Обычно большие и лучистые глаза Озерова Валентина, со знаменитой улыбкой, так нравившейся женщинам, прищурились, превратившись в две узкие щели, зияющие мрачной чернотой и угрозой.
— И на пику еще никто никого не посадил, хотя «постукивают», как дятлы лесные, все. И вообще, если хочешь услышать мое откровенное мнение, то чем вы больше друг друга закопаете, тем воздух будет свежей и благоуханней! Сечешь?
Бекет сёк, но промолчал, понурив голову. Только пальцы его нервно подергивались.

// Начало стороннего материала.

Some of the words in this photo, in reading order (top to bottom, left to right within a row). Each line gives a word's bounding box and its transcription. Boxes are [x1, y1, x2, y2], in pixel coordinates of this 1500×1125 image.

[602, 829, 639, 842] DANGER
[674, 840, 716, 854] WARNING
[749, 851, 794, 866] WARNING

— Однако, Валентин, у тебя странный способ вербовки! — посмеиваясь своими жесткими глазами, проговорил Уткин, через тонкую стенку слышавший весь разговор, входя в кабинет Озерова после того, как оттуда убыл новоиспеченный агент. — Другие различными обещаниями, уговорами, лестью, наконец. Ты же — форменным издевательством.
— Слишком много чести этому «козлу» будет, чтобы лестью растекаться перед ним. Само дерьмо напросилось и пусть знает, что был дерьмом, дерьмом и остался.

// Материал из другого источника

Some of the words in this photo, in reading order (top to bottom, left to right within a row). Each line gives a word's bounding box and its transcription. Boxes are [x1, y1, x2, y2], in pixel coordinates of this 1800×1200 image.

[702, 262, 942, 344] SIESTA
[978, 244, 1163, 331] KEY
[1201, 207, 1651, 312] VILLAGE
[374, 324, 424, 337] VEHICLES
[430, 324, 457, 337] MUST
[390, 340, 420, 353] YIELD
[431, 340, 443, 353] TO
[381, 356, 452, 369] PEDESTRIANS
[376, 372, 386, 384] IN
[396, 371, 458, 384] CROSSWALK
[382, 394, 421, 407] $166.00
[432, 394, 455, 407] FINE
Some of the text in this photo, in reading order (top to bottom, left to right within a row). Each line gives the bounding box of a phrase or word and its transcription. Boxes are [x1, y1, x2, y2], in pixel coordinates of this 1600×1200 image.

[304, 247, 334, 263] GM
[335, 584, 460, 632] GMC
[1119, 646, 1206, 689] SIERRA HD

— А не круто? Для вербовки-то?
— Не круто. Сам знаешь, что большинство из них — пустышки. Да и те, что не пустышки, все равно дерьмо. Как волка не корми, он преданной собакой не станет. Чуть зевнул — уже в горло вцепился.

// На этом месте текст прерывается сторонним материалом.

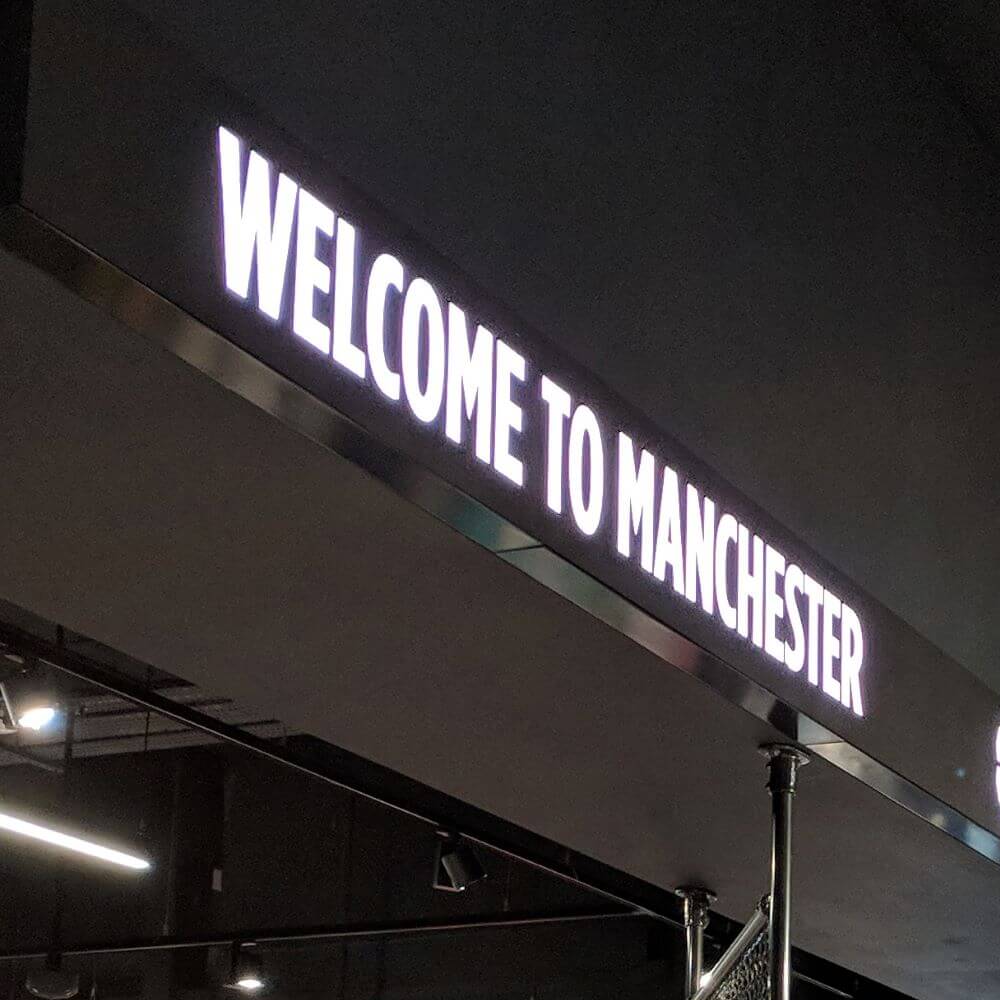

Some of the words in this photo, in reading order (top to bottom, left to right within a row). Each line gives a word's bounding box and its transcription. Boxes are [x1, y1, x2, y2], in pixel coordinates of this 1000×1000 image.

[217, 125, 526, 488] WELCOME
[540, 372, 605, 536] TO
[617, 431, 866, 718] MANCHESTER

И Уткин, и его начальник из личного опыта знали цену секретным агентам, предлагающим свои услуги. То были люди без чести и совести, без принципов и морали, полностью прогнившие и не признававшие никакого закона, кроме закона силы. Таким ничего не стоило заложить ближнего своего, но и милицейскому куратору могли нож в спину всадить за милую душу.
— Так, может, и связываться не стоило? Чего бумагу попусту переводить?
— Время покажет. Полгода посмотрим, а там и решим. Что мы теряем? Ничего!
— Ну-ну, тебе виднее. Ты начальник — тебе и думать. А наше дело маленькое — руку под козырек и исполнять! — дурачился Уткин.
10
— Докладываю, — пошутил участковый Астахов, входя в кабинет Паромова с тонюсеньким делом в руке, так как среди участковых никакой официальщины не было и быть не могло — от отделовской всех тошнило. — Бекет прибыл… с надзором. Дело вот от Уткина получил, чтобы оформить в соответствии с инструкцией… — небрежно взмахнул он тонюсенькой папкой-скоросшивателем, в которой лежало несколько не подшитых, а лишь сколотых канцелярской скрепкой листков.
— Не он первый, не он последний… — нейтрально ответил старший участковый, копаясь в картотеке учета неблагополучных семей. Он давно уже собирался навести там порядок, да все как-то руки не доходили.
— Возможно, — усаживаясь на стул напротив Паромова, продолжил Астахов. — Возможно…
Участковые за время совместной работы понимали друг друга с полуслова. Поэтому, услышав неопределенное, недоговоренное «возможно», Паромов оставил карточки семейников в покое и спросил:
— Что еще?
— Да Уткин шепнул по секрету, чтобы на эту сволочь особо не наезжали. Считай, ценного агента приобрели… — Неприкрытый сарказм звучал в словах участкового. — Да знаем мы их ценных агентов — все, как один, двурушники… Наши доверенные лица в сто раз надежней, чем все эти суперагенты хреновы.
— А чего расстраиваешься? Мало ли подобных «агентов» на зону, к «хозяину» возвратили. И ни Уткин, ни Озеров, ни Чеканов Василий Николаевич, ни шефы из управления им не помогли. Так что, пусть он делает свое дело, его шефы-кураторы — свое, а мы с тобой — потихоньку свое! К тому же не исключено, что может не пройдет и полгода, как от его услуг откажутся. Сам же говоришь: двурушники. Так что оформляй дело и готовься.